The present invention is related to some novel bipyrimidine analogues having a cyano moiety and the process for their preparation as potential anti-cancer agents (P 01-14). The compounds described in this invention are novel and new, and have the potential to be used against breast cancer as well as lung cancer. The invention also describes the process for the preparation of these novel compounds. A series of novel 2, 4, 5-Trisubstituted Pyrimidine derivatives (CS 01-15) were designed and synthesized to evaluate for Anticancer activity against cell line MCF7 (Breast Cancer) and A549 (Lung Cancer). All the synthesized molecules were confirmed by various spectroscopic studies. Some of the synthesized pyrimidine derivatives showed promising activity with IC50 values against standard drug Doxorubicin. All the synthesized molecules were subjected to molecular docking study using PyRx software (based on Auto Dock 4 and a genetic algorithm) against two standard drugs Lapatinib and Gefitinib (PDB ID: 3BBT).

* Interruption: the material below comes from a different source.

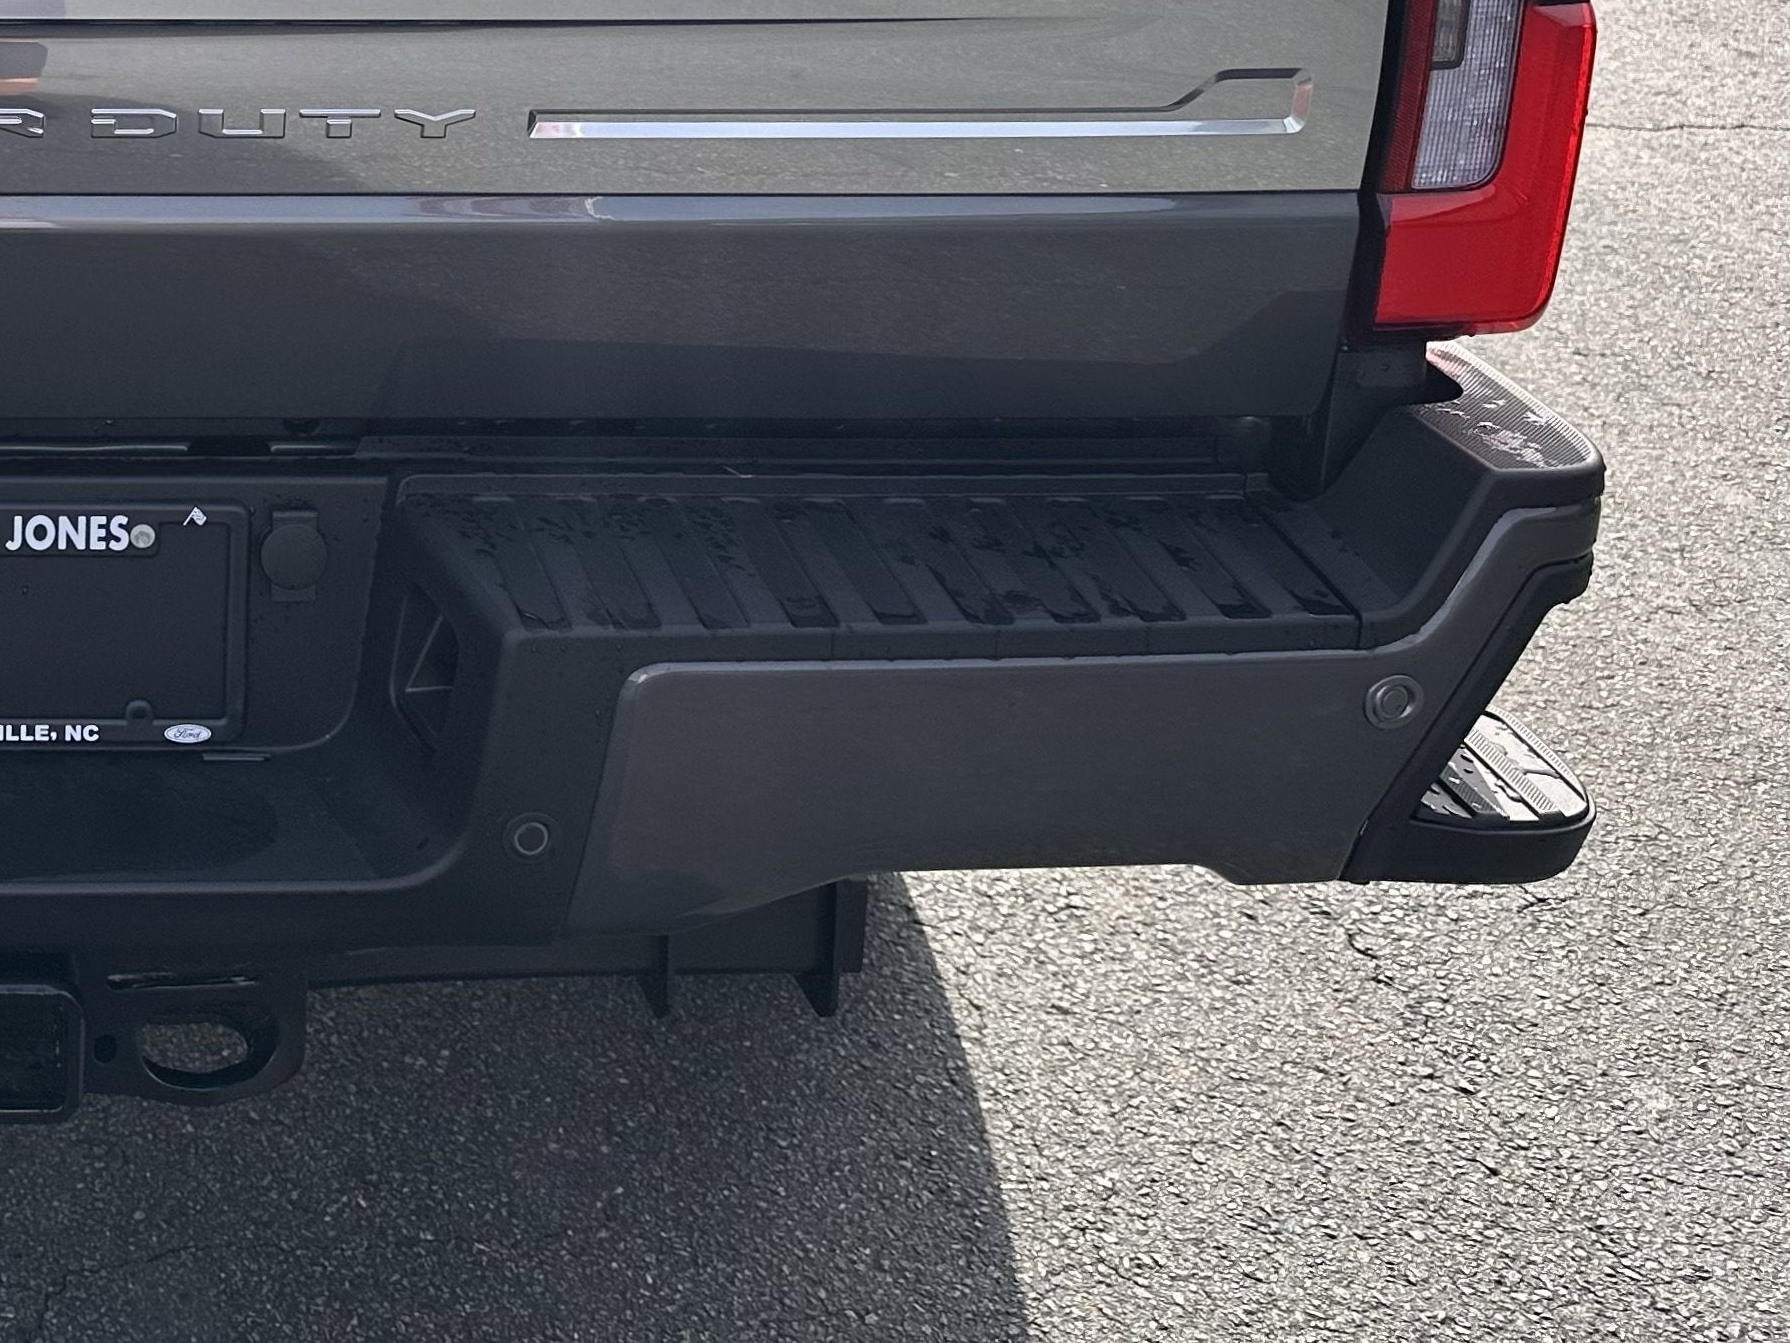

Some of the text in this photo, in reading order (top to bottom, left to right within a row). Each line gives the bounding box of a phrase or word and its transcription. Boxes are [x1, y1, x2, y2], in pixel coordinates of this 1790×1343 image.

SAR of P Series shows that electron withdrawing group especially OCF3 (P-7) as well as electron donating group like methyl attached to phenyl group (P-10) more potency on MCF-7 cell line. Also we found that molecule having heterocyclic moiety indole (P-9) as well as p-methyl attached to phenyl (P-10) shows more potency on both MCF-7 and A549. While for A549 cell line molecules having N-methyl pyrazole attached to phenyl ring shows more potency. Interestingly almost all derivatives showed good docking score as compare to Gefitinib. Compounds CS-02, CS-04, CS-07, CS-10 and CS-11 showed moderate anticancer activity for both the cell lines having IC50 values in range from 12.06 µM to 22.45 µM. While compounds CS-06 and CS-03 showed moderate potency against A549 and MCF7 cell lines respectively.